Interesting thread. I have had good luck using midbass in rear of my cars. usually ran from roughly 40 to 400hz range. Im about to start an install in my cts 4dr. Will run midbass in rear doors and looking forward to playing with the 10" stock sub location in the rear deck for added midbass. First plan is trying a pro audio driver with baffle....this thread has me now also wanting to try putting an unpowered sub for use as a passive radiator.


----------



## The real Subzero (Apr 13, 2010)

thehatedguy said:


> Curious about the midbass idea under the dash.
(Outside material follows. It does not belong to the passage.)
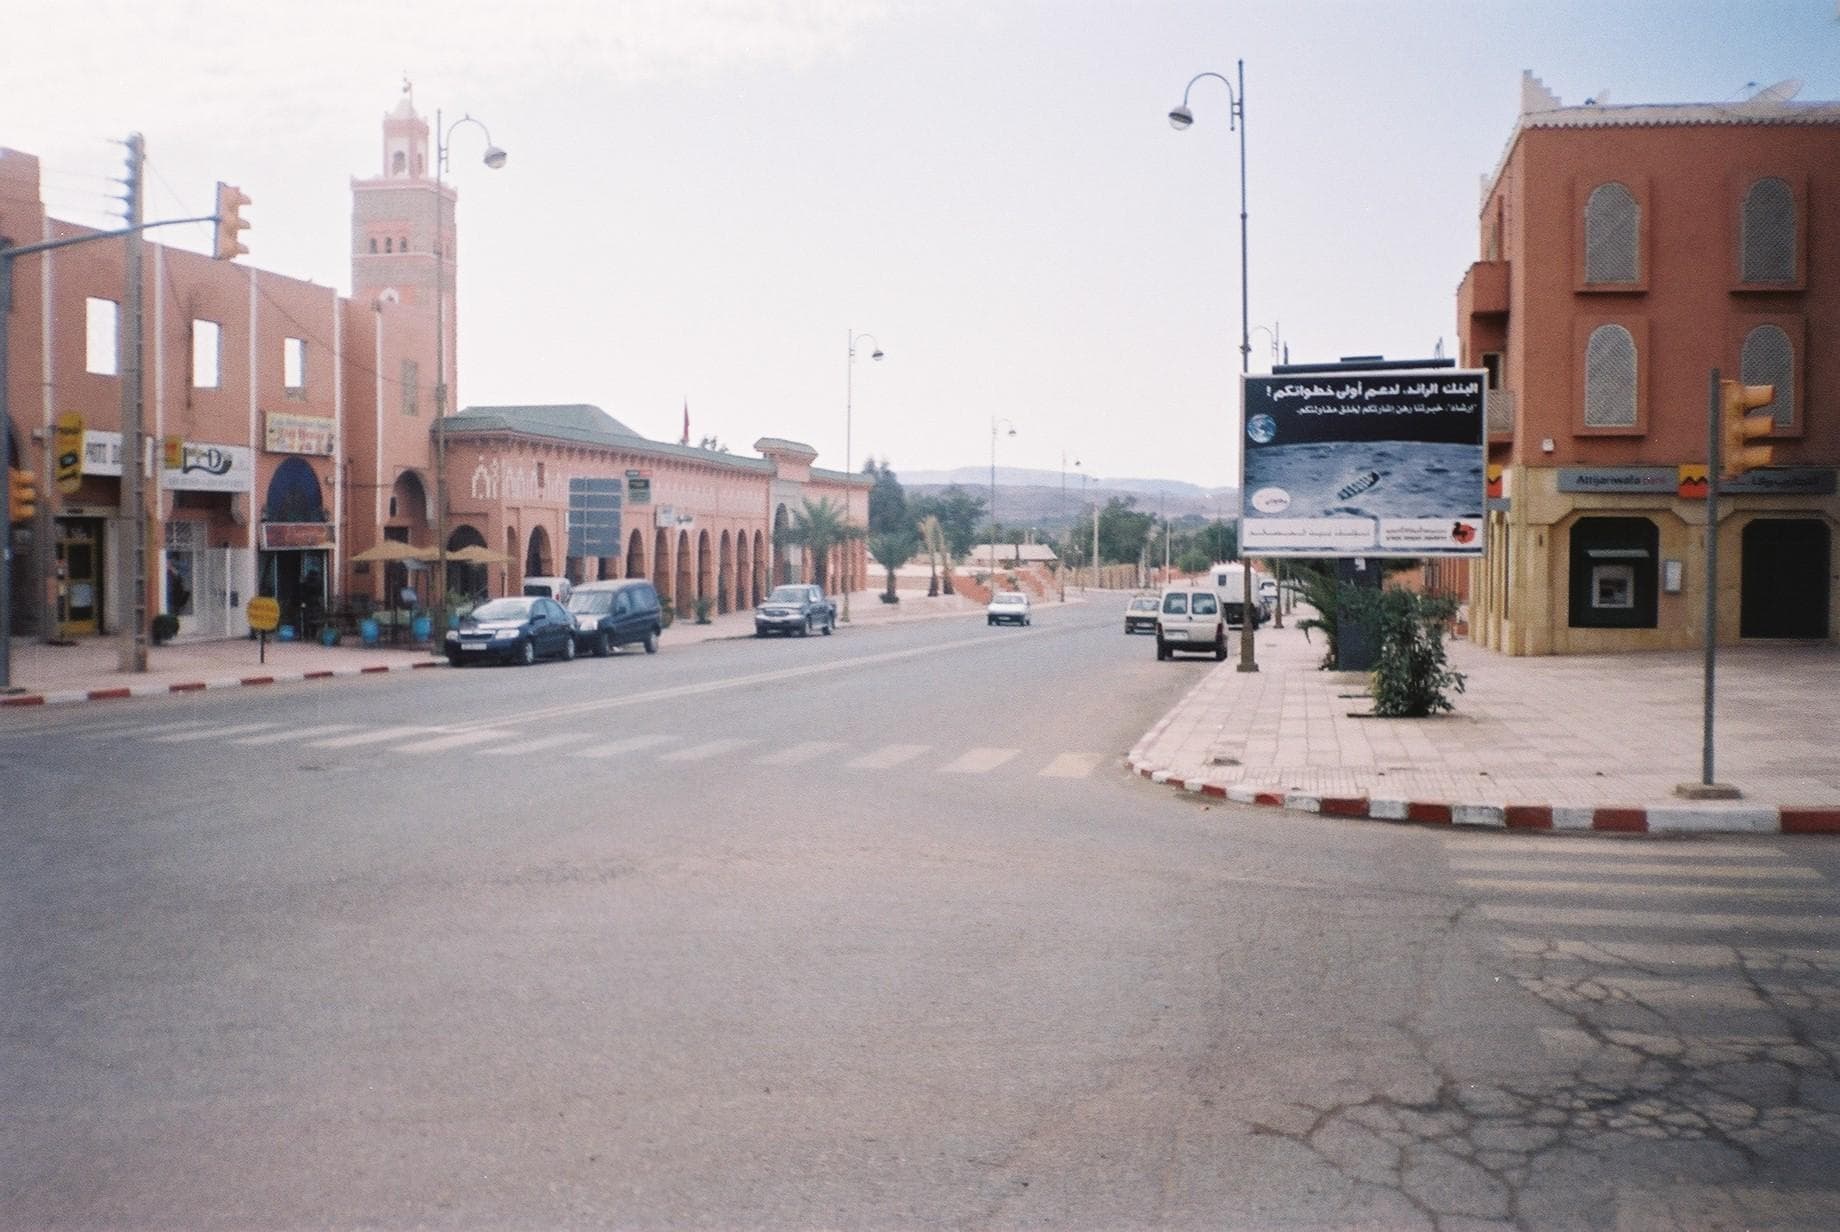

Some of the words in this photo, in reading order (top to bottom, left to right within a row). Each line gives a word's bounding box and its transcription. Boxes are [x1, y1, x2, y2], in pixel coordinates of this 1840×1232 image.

[1336, 380, 1363, 399] أولى
[1364, 383, 1400, 400] لدعم
[1442, 382, 1479, 397] البنك
I can say from my experiementing, the subs under the dash are awesome. I definately got what I had envisioned. and now its time to finish all the fabrication work and dial everything in.


----------



## MarkZ (Dec 5, 2005)

So your premise is that reflections steer the bass rearward? Presumably, those that "outlast" the reflections in the front of the car? I see an impressive discussion about how to tame these reflections, but I guess I'm not clear on why this is important...


----------



## Nismo (Jan 10, 2010)

Patrick Bateman said:


> not sure what you mean by that - could you elaborate?
> 
> Glue is drying on my 'attempt' at implementing this in my Accord, so we'll see how that goes


Pardon my poor description. My question was whether the shape of the box mattered [that] much, or if it could be folded in nearly any manner, so long as the throat started at a certain width, and expaned to a certain size at a given length (the ratio).

I am not liking the way my trunk is laid out, so I'm trying to figure out if I can stuff a TH into a 12Hx34Wx16D box.

Eric


----------



## Oliver (Jun 25, 2007)

Patrick Bateman said:


> Before I get into the technical details of my idea, I wanted to get into some things that *have* worked for making good musical bass, and what *hasn't* worked. (For me at least.)
> 
> First, things that *haven't* worked:
> 
> ...






> Year after year I keep trying to make something that exceeds the TH-Mini, but I haven't been able to do it. It's been my reference sub for something like three years now, and I've built easily four or five other subs in a (failed) effort to one-up it.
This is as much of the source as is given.